## Task instructions
Copy out the entries exactly, and wherever a picture appears, leave it out.

## Data items
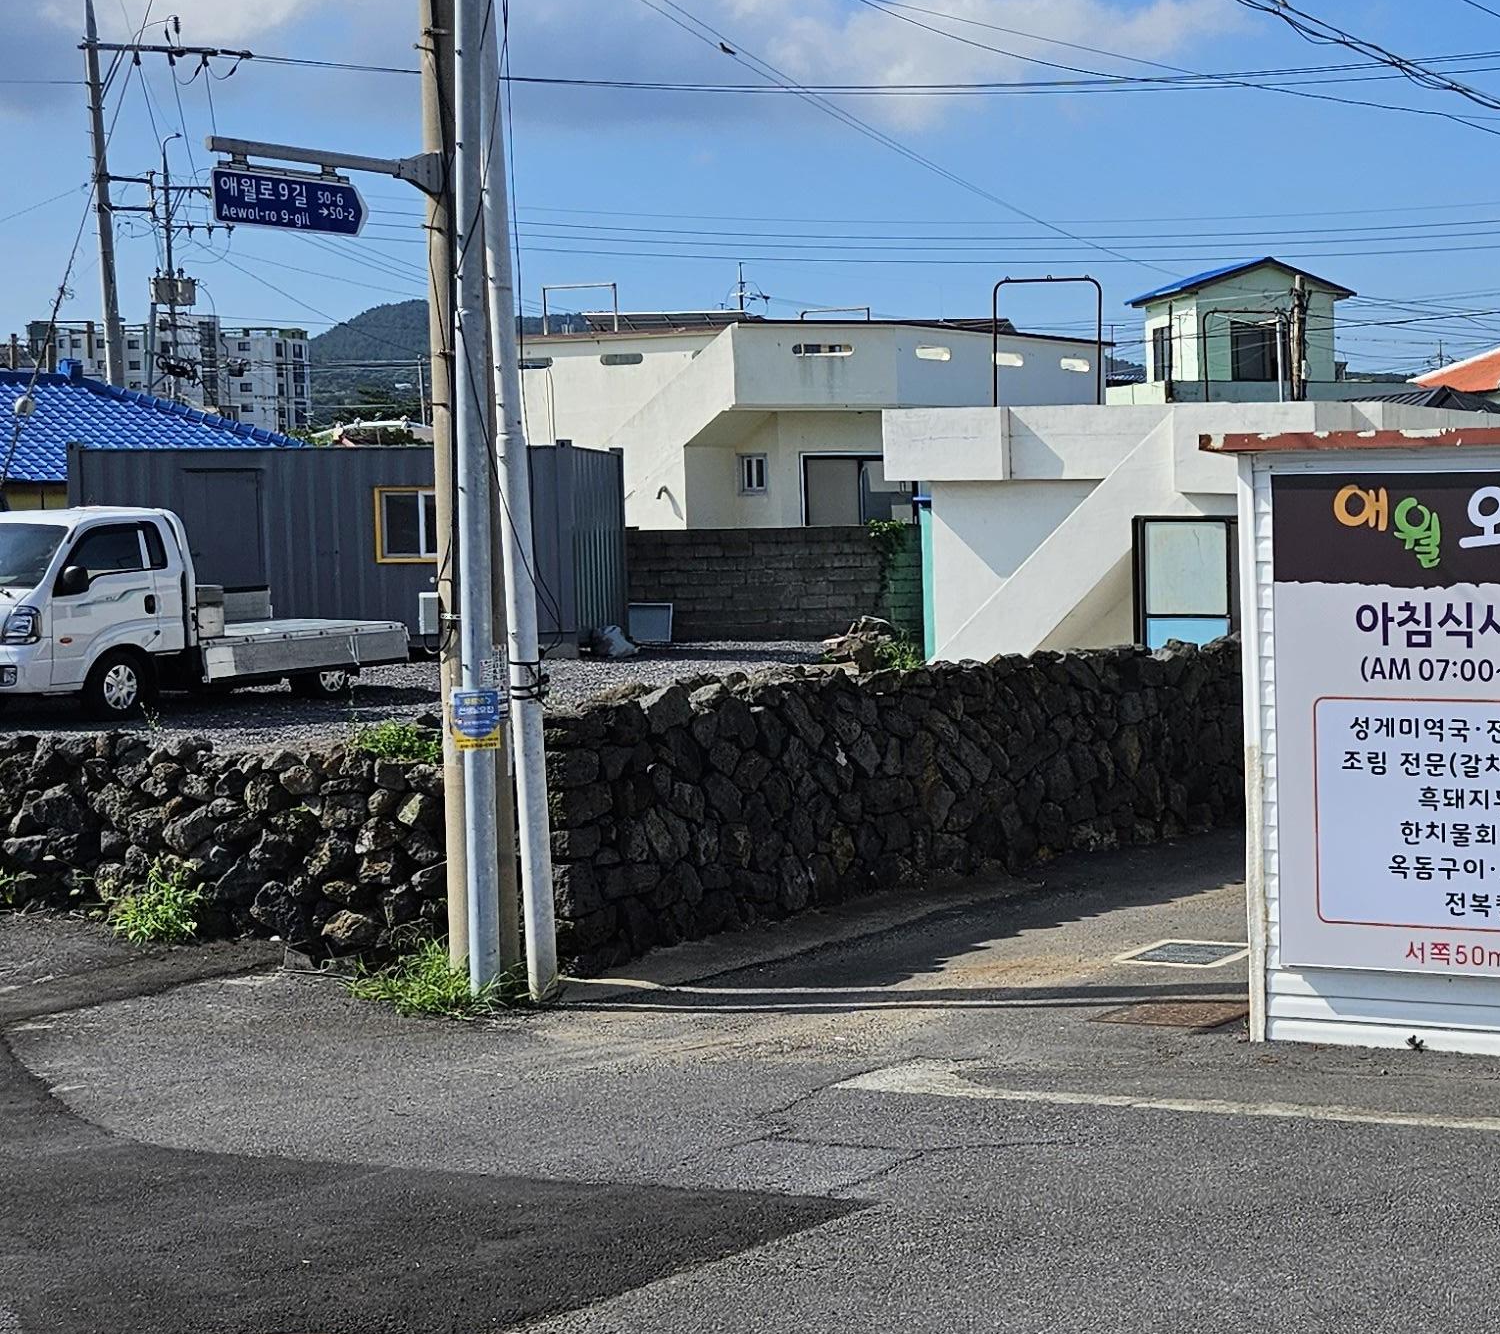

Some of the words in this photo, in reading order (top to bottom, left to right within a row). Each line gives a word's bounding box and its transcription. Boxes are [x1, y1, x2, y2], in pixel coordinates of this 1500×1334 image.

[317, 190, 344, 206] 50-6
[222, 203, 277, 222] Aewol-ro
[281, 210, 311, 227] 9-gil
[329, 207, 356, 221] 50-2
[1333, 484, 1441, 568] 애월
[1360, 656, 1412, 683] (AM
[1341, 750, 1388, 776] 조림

## Answer to this problem
Some of the words in this photo, in reading order (top to bottom, left to right within a row). Each line gives a word's bounding box and its transcription. Boxes are [x1, y1, x2, y2], in pixel coordinates of this 1500×1334 image.

[317, 190, 344, 206] 50-6
[222, 203, 277, 222] Aewol-ro
[281, 210, 311, 227] 9-gil
[329, 207, 356, 221] 50-2
[1333, 484, 1441, 568] 애월
[1360, 656, 1412, 683] (AM
[1341, 750, 1388, 776] 조림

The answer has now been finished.